Problem requirements » Transcribe the listing word for word.

Data for this task »
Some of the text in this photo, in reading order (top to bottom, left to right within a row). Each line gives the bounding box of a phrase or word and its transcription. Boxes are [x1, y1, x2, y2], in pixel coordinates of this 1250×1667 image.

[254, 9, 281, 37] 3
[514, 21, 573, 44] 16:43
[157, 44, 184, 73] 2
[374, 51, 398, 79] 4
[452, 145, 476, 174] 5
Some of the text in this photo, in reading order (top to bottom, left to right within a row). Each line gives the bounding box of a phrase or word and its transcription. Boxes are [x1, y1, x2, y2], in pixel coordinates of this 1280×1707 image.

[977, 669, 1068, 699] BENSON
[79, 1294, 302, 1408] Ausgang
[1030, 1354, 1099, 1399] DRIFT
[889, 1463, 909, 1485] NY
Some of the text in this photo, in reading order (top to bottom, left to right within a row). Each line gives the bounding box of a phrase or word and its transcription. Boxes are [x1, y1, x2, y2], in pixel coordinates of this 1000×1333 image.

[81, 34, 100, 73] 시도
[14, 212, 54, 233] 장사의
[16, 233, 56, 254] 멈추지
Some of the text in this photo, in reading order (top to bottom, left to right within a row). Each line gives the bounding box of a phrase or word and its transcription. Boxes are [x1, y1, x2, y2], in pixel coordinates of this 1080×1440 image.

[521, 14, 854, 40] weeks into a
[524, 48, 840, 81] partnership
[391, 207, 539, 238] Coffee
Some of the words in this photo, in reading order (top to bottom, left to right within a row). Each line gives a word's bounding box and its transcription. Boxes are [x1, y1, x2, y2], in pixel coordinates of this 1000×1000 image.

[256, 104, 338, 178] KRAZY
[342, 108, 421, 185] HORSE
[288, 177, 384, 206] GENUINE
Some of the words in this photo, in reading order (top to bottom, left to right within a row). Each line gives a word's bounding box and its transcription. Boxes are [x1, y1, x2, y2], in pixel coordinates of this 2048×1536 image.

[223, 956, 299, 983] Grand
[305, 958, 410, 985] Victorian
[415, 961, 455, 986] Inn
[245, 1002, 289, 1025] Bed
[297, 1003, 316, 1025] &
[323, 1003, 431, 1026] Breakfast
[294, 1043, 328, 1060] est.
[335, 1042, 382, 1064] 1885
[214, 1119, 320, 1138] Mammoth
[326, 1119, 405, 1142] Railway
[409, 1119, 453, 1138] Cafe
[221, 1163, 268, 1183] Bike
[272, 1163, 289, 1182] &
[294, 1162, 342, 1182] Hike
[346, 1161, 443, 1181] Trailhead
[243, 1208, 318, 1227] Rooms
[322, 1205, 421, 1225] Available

Task result »
Some of the text in this photo, in reading order (top to bottom, left to right within a row). Each line gives the bounding box of a phrase or word and its transcription. Boxes are [x1, y1, x2, y2], in pixel coordinates of this 1250×1667 image.

[254, 9, 281, 37] 3
[514, 21, 573, 44] 16:43
[157, 44, 184, 73] 2
[374, 51, 398, 79] 4
[452, 145, 476, 174] 5
Some of the text in this photo, in reading order (top to bottom, left to right within a row). Each line gives the bounding box of a phrase or word and its transcription. Boxes are [x1, y1, x2, y2], in pixel coordinates of this 1280×1707 image.

[977, 669, 1068, 699] BENSON
[79, 1294, 302, 1408] Ausgang
[1030, 1354, 1099, 1399] DRIFT
[889, 1463, 909, 1485] NY
Some of the text in this photo, in reading order (top to bottom, left to right within a row). Each line gives the bounding box of a phrase or word and its transcription. Boxes are [x1, y1, x2, y2], in pixel coordinates of this 1000×1333 image.

[81, 34, 100, 73] 시도
[14, 212, 54, 233] 장사의
[16, 233, 56, 254] 멈추지
Some of the text in this photo, in reading order (top to bottom, left to right within a row). Each line gives the bounding box of a phrase or word and its transcription. Boxes are [x1, y1, x2, y2], in pixel coordinates of this 1080×1440 image.

[521, 14, 854, 40] weeks into a
[524, 48, 840, 81] partnership
[391, 207, 539, 238] Coffee
Some of the words in this photo, in reading order (top to bottom, left to right within a row). Each line gives a word's bounding box and its transcription. Boxes are [x1, y1, x2, y2], in pixel coordinates of this 1000×1000 image.

[256, 104, 338, 178] KRAZY
[342, 108, 421, 185] HORSE
[288, 177, 384, 206] GENUINE
Some of the words in this photo, in reading order (top to bottom, left to right within a row). Each line gives a word's bounding box and its transcription. Boxes are [x1, y1, x2, y2], in pixel coordinates of this 2048×1536 image.

[223, 956, 299, 983] Grand
[305, 958, 410, 985] Victorian
[415, 961, 455, 986] Inn
[245, 1002, 289, 1025] Bed
[297, 1003, 316, 1025] &
[323, 1003, 431, 1026] Breakfast
[294, 1043, 328, 1060] est.
[335, 1042, 382, 1064] 1885
[214, 1119, 320, 1138] Mammoth
[326, 1119, 405, 1142] Railway
[409, 1119, 453, 1138] Cafe
[221, 1163, 268, 1183] Bike
[272, 1163, 289, 1182] &
[294, 1162, 342, 1182] Hike
[346, 1161, 443, 1181] Trailhead
[243, 1208, 318, 1227] Rooms
[322, 1205, 421, 1225] Available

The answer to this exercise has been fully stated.